*** Opening Task inputs ***

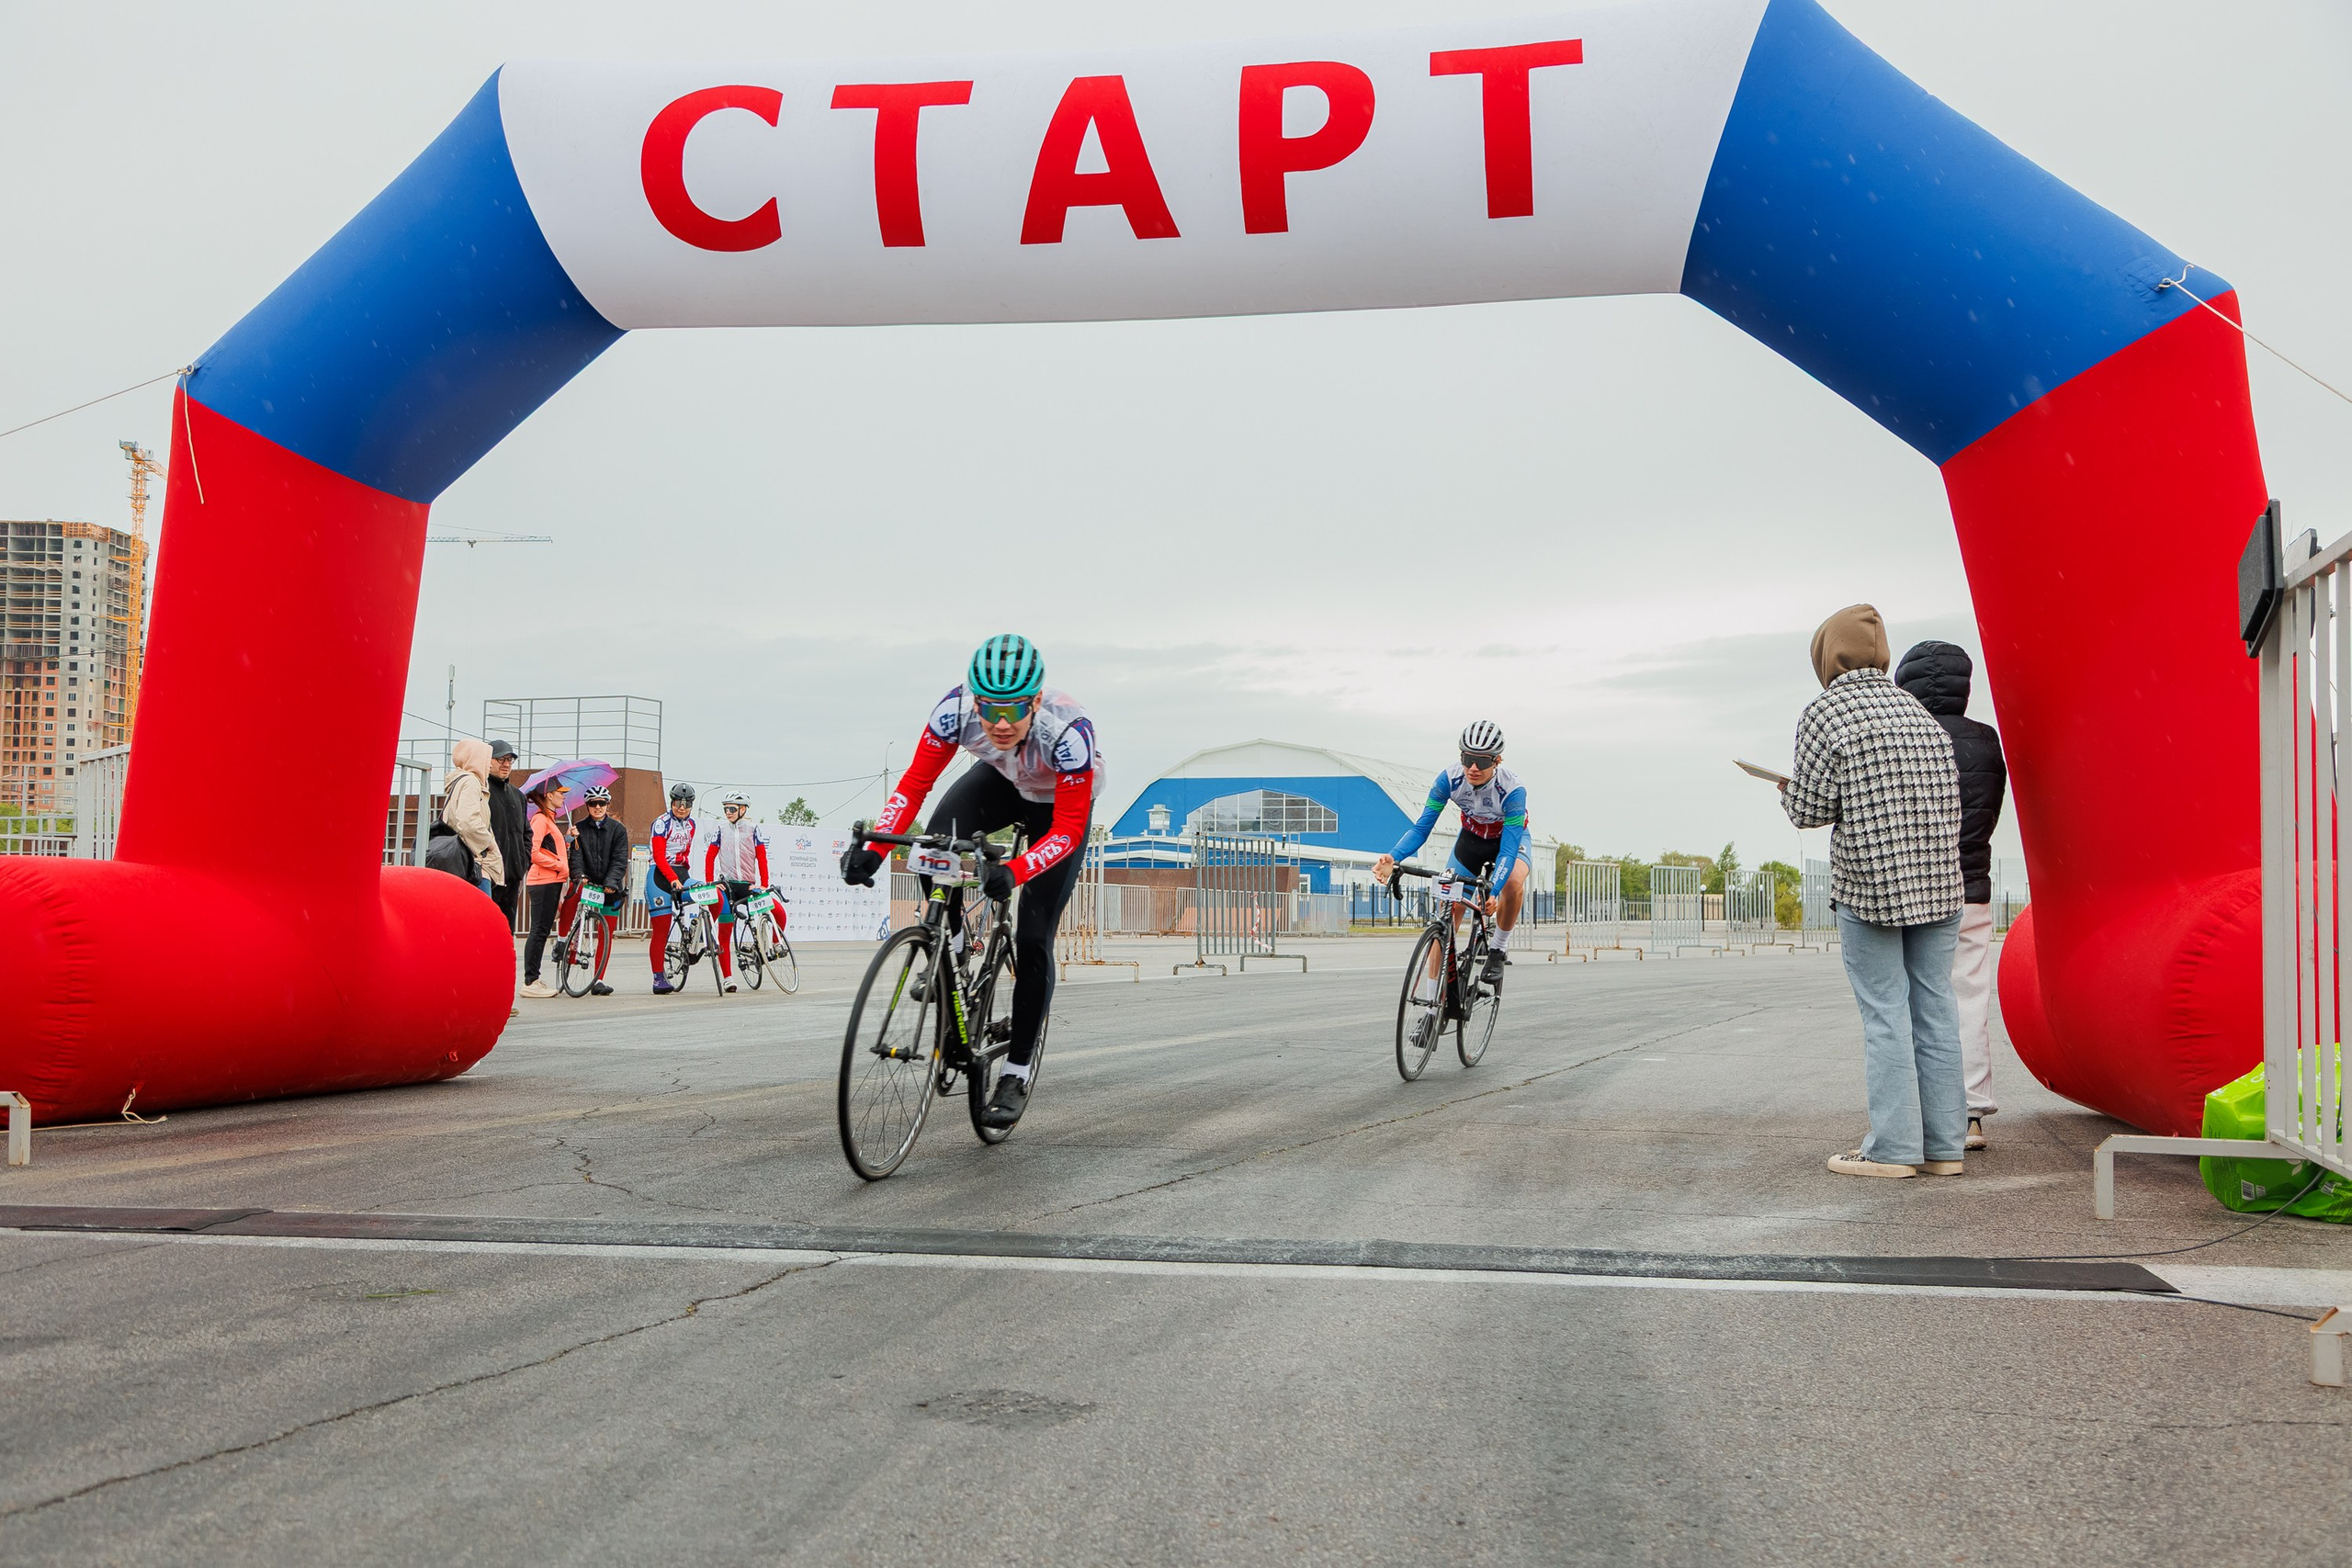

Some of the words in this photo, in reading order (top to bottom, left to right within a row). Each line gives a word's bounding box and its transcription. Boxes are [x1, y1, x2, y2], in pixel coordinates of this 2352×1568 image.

[641, 39, 1582, 251] СТАРТ
[877, 792, 908, 827] Русь
[919, 854, 951, 872] 110
[1025, 843, 1063, 872] Русь
[588, 892, 600, 901] 859
[697, 892, 711, 900] 895
[1441, 884, 1452, 895] 5
[753, 899, 765, 909] 897
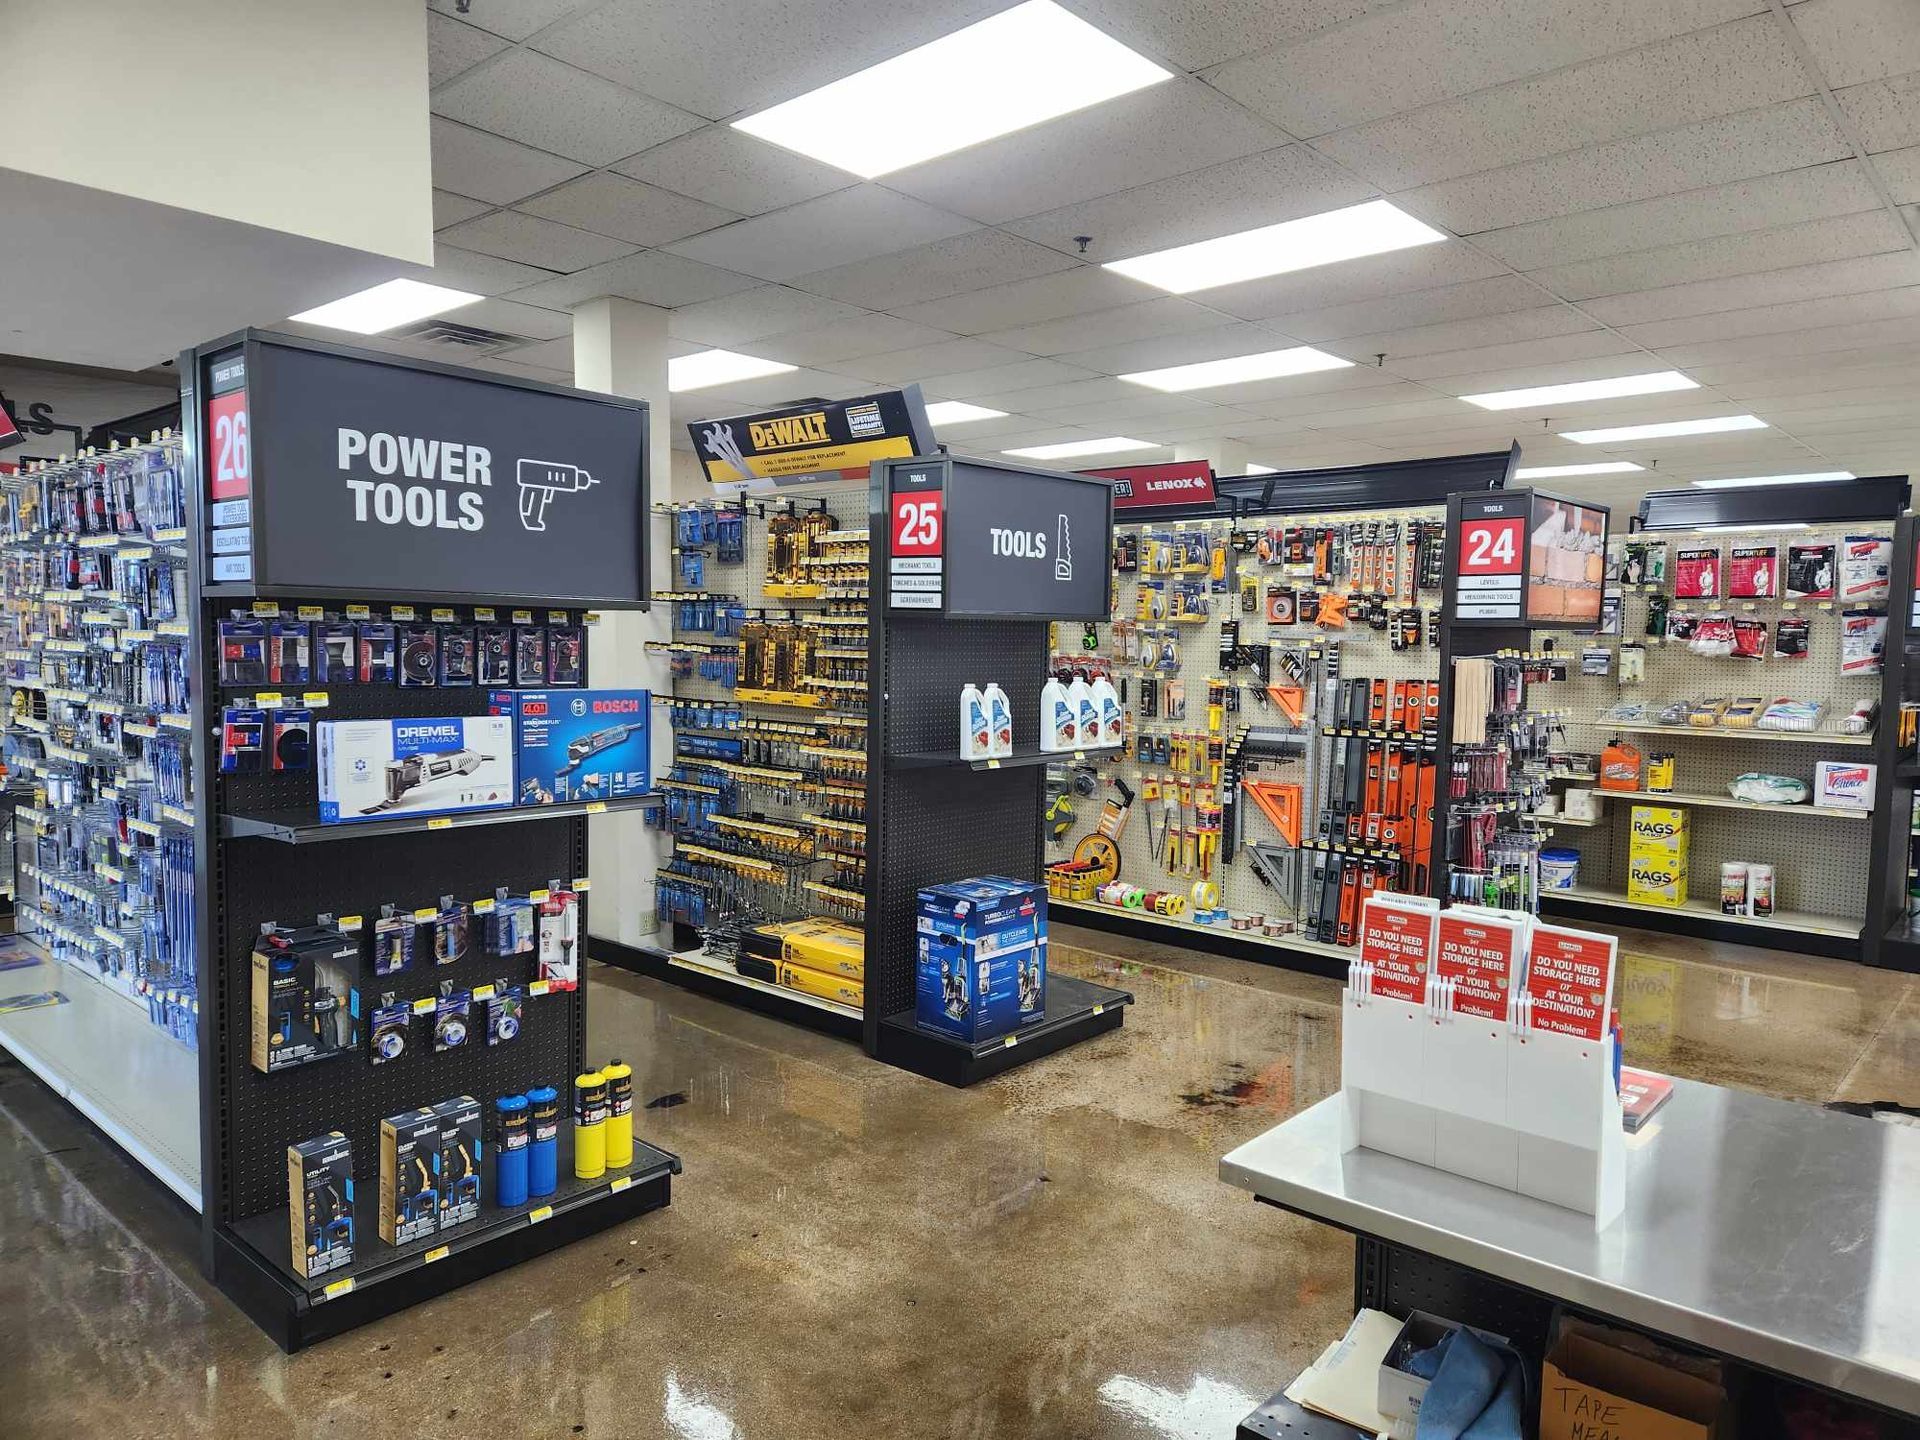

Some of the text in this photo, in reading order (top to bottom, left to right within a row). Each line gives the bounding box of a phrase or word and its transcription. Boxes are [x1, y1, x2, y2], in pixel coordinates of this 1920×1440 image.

*** Closing Task inputs ***

**What is being asked:**
Transcribe the records word for word and include no pictures.

**Exercise response:**
Some of the words in this photo, in reading order (top to bottom, left to right within a row). Each line gives a word's bounding box and its transcription. Boxes are [x1, y1, x2, y2], in pixel coordinates of this 2352×1568 image.

[641, 39, 1582, 251] СТАРТ
[877, 792, 908, 827] Русь
[919, 854, 951, 872] 110
[1025, 843, 1063, 872] Русь
[588, 892, 600, 901] 859
[697, 892, 711, 900] 895
[1441, 884, 1452, 895] 5
[753, 899, 765, 909] 897

Some of the text in this photo, in reading order (top to bottom, left to right within a row). Each line gives the bounding box of a phrase or word and its transcription. Boxes are [x1, y1, x2, y2], in pixel coordinates of this 1920×1440 image.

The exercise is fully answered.